I am very excited to announce that I have teamed up with *u-he* and *rekkerd.org* to run *The Unfinished u-he Synth Contest*!

Up for grabs is a bespoke, *exclusive soundset* designed by my fair hands, *u-he plug-in licenses* and all sorts of *The Unfinished* soundset and bundle goodies.

*What do you need to do?*

Download *The Unfinished u-he Synth Contest pack*, which features 20 fresh synth patches for *Bazille*, *Diva*, *Podolski*, *Tyrell N6*, *Zebra2* and *Zebralette* (a total of 120 patches to play with!) and use them in an original composition. You can download the soundpack from my website.

You can use any other synths, samples, live instruments, vocals etc. - just as long as you use something from the download pack.

Upload your entry to *Soundcloud* and https://soundcloud.com/groups/rekkerd-org-the-unfinished-u-he-synth-contest (submit it to the contest group) before *July 24th, 2016, 11:59pm CET*. Please also send your entry in mp3 format (minimum of 192kbit) per email to *[email protected]* and let us know which sounds from the contest pack were used in your entry.

Your entry should be composed specifically for this contest.
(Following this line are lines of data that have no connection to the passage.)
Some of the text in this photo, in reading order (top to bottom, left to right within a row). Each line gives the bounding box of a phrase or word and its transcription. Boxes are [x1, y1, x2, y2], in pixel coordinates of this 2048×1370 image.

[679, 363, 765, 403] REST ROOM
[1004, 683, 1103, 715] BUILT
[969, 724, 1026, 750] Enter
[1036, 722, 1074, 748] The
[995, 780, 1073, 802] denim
By entering, you grant permission for your track to be published at the *rekkerd.org* website, through *Soundcloud*. One entry per person is allowed, you will receive a confirmation of your submission.

Winners will be chosen by the judging panel that includes me, Ronnie at Rekkerd.org, a member of the u-he team, plus award-winning composer *Jason Graves* and prolific sound designer, composer and techno pioneer *Si Begg*.

*What can you win?*

We have a wonderful set of prizes, including *The Unfinished* synth soundsets and bundles, u-he plugin licenses and an exclusive, bespoke *The Unfinished* synth soundset for the u-he synth of your choice!
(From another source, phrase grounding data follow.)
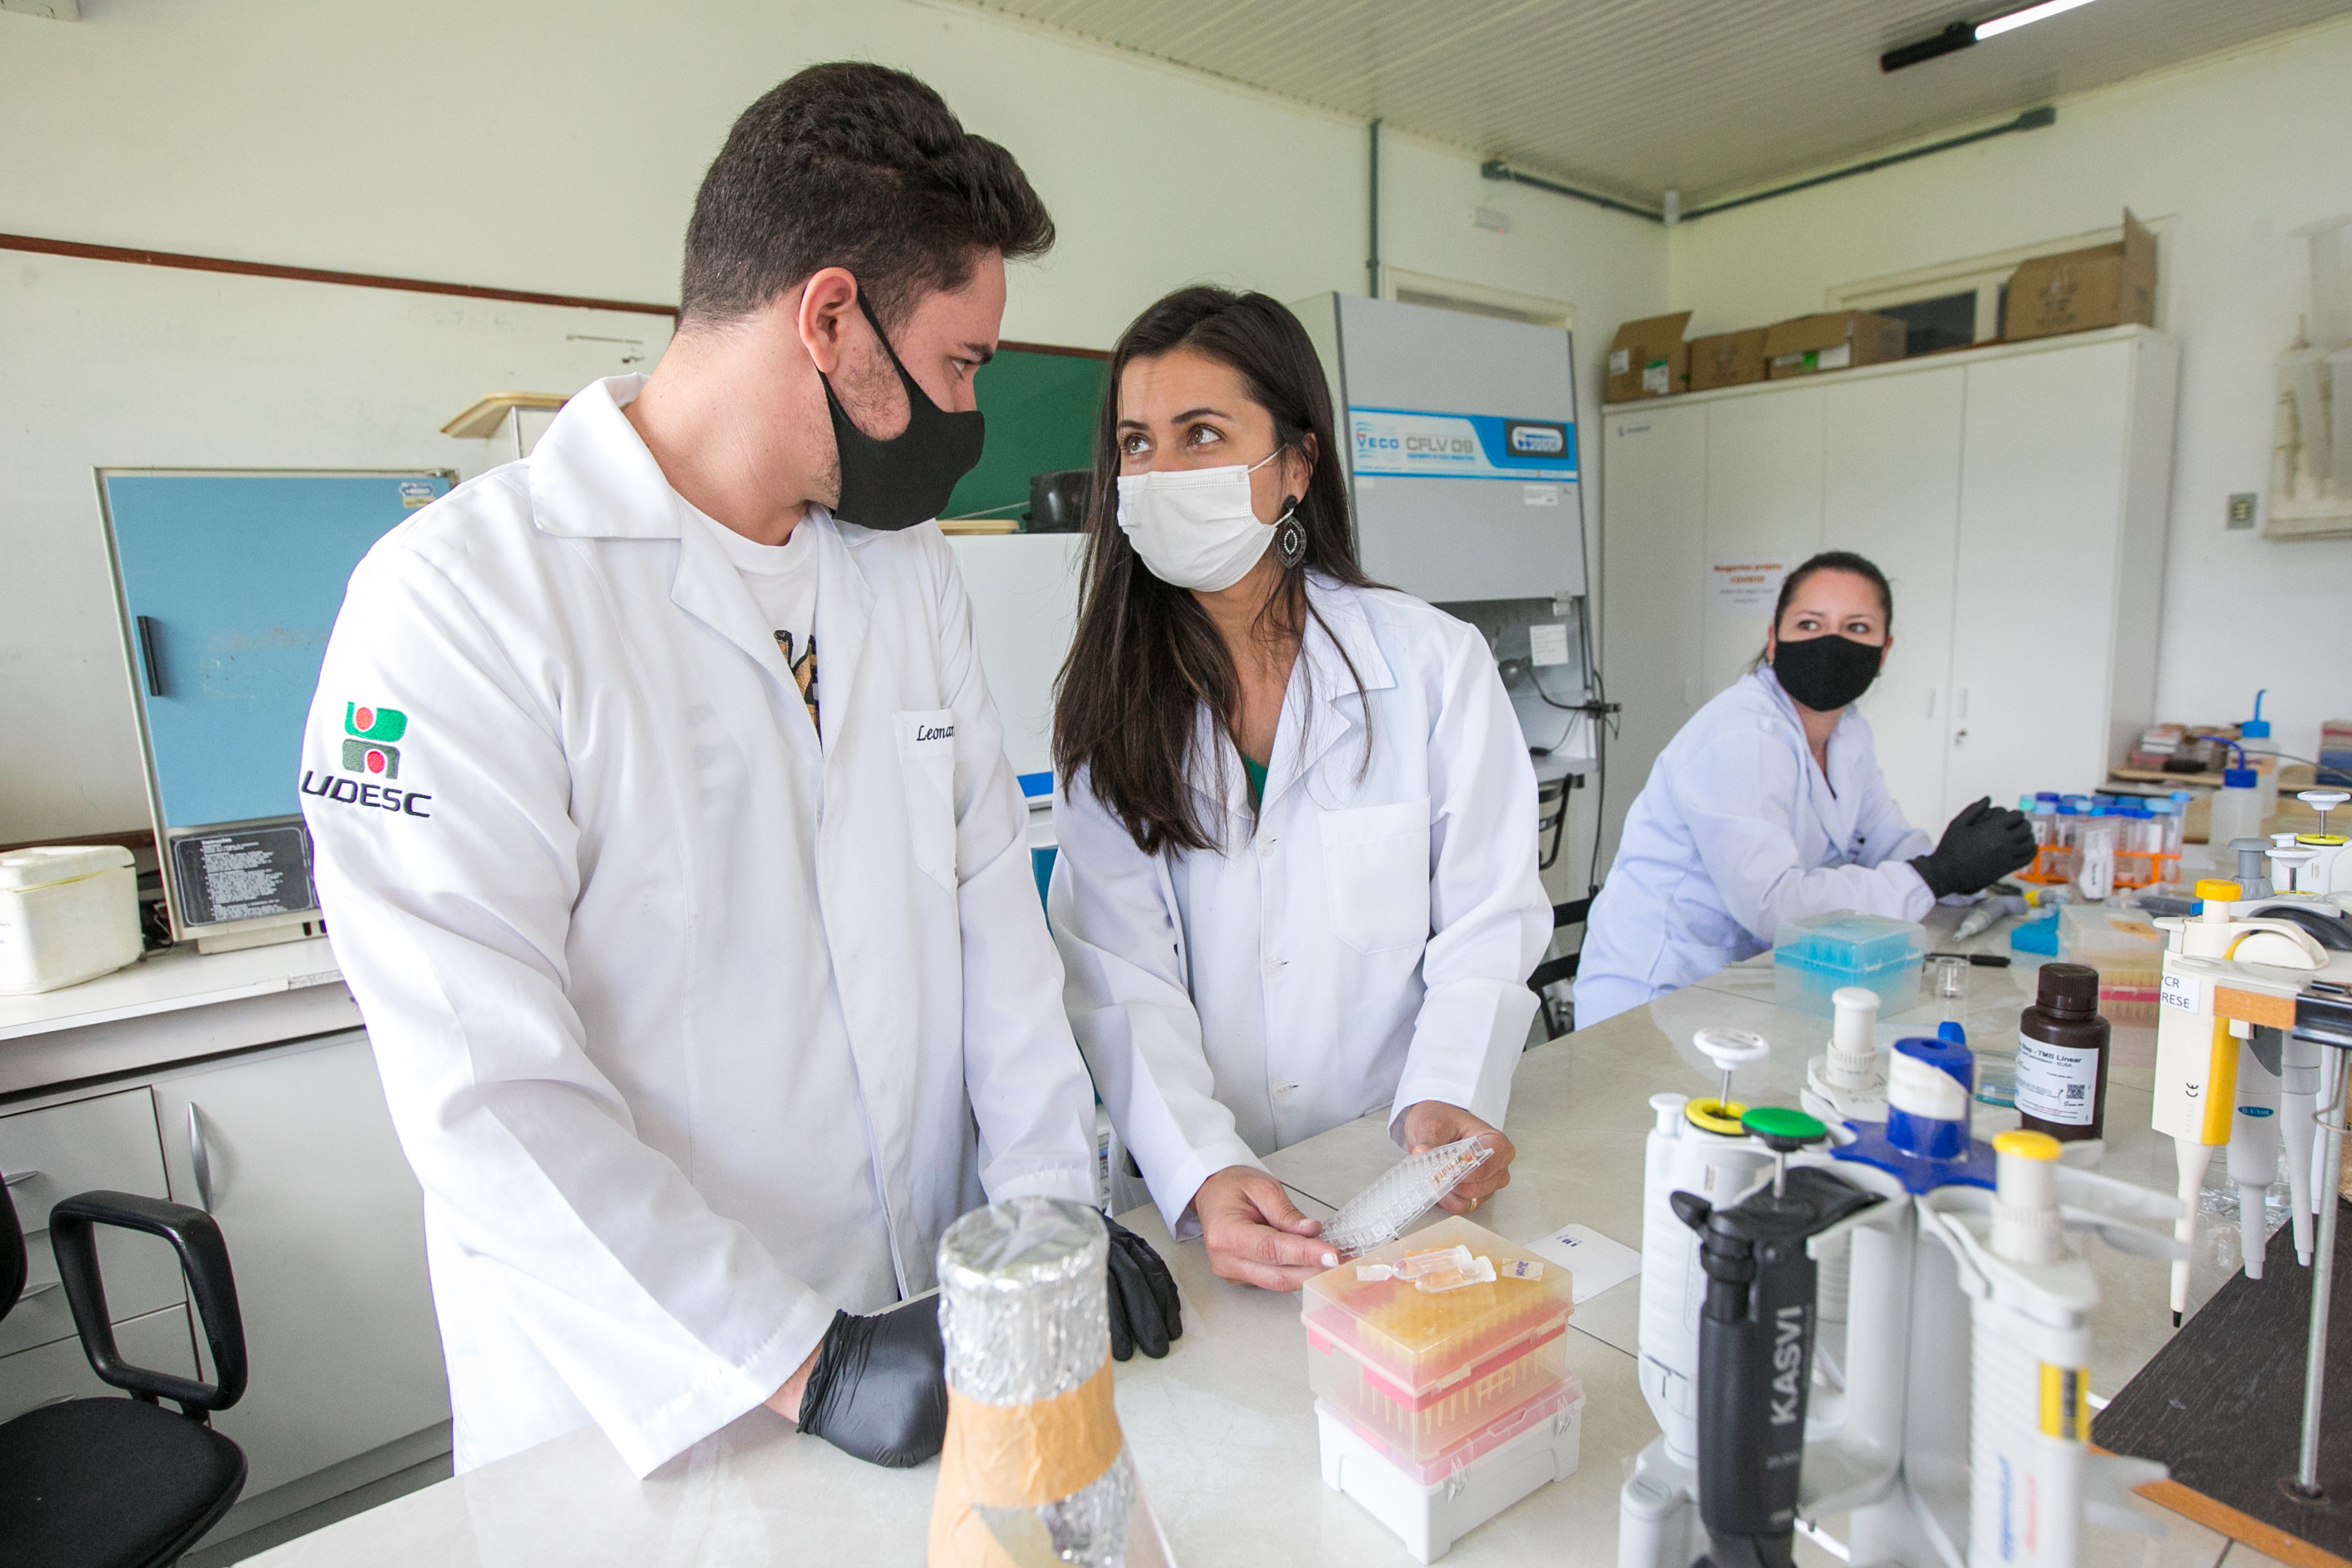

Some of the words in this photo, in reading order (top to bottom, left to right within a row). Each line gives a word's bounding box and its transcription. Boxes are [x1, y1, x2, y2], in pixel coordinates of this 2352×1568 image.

[1357, 436, 1399, 448] VECO
[1406, 437, 1447, 452] CFLV
[301, 771, 432, 818] UDESC
[2162, 992, 2190, 1009] RESE
[2038, 1050, 2054, 1060] TMB
[2057, 1055, 2082, 1064] Linear
[1770, 1305, 1803, 1425] KASVI
*1st prize* – Bespoke soundset of 50 patches for u-he synth of winner’s choice; u-he plugin license; copy of The Unfinished Complete Bundle.
*2nd Prize* – Two The Unfinished synth bundle of choice; u-he plugin license.
*3rd Prize* – One The Unfinished synth bundle of choice; u-he plugin license.
*Top 10 Prize* – The Unfinished soundset of choice.

We're really looking forward to hearing what you come up with!


----------



## Silence-is-Golden (Jun 28, 2016)

TheUnfinished said:


> I am very excited to announce that I have teamed up with *u-he* and *rekkerd.org* to run *The Unfinished u-he Synth Contest*!
> 
> Up for grabs is a bespoke, *exclusive soundset* designed by my fair hands, *u-he plug-in licenses* and all sorts of *The Unfinished* soundset and bundle goodies.
> 
> ...


Hi Unfinished,

Is Hive excluded as U-he plugin for this contest?
Just to be sure.


----------



## TheUnfinished (Jun 28, 2016)

Nothing is excluded.

"You can use any other synths, samples, live instruments, vocals etc. - just as long as you use something from the download pack."


----------



## Silence-is-Golden (Jun 29, 2016)

Next time I will read it all

Thanks


----------



## Dan Drebing (Jun 29, 2016)

Are small modifications to the download pack patches allowed? Like # of voices or ADSR and stuff like that?


----------



## TheUnfinished (Jun 30, 2016)

Dan Drebing said:


> Are small modifications to the download pack patches allowed? Like # of voices or ADSR and stuff like that?


Yep, you can tinker with patches.


----------



## JPQ (Jul 4, 2016)

TheUnfinished said:


> Yep, you can tinker with patches.


Even filter settings?  ps. i maybe try something.


----------



## TheUnfinished (Jul 4, 2016)

JPQ said:


> Even filter settings?  ps. i maybe try something.


Yes, if that's what works for your track.


----------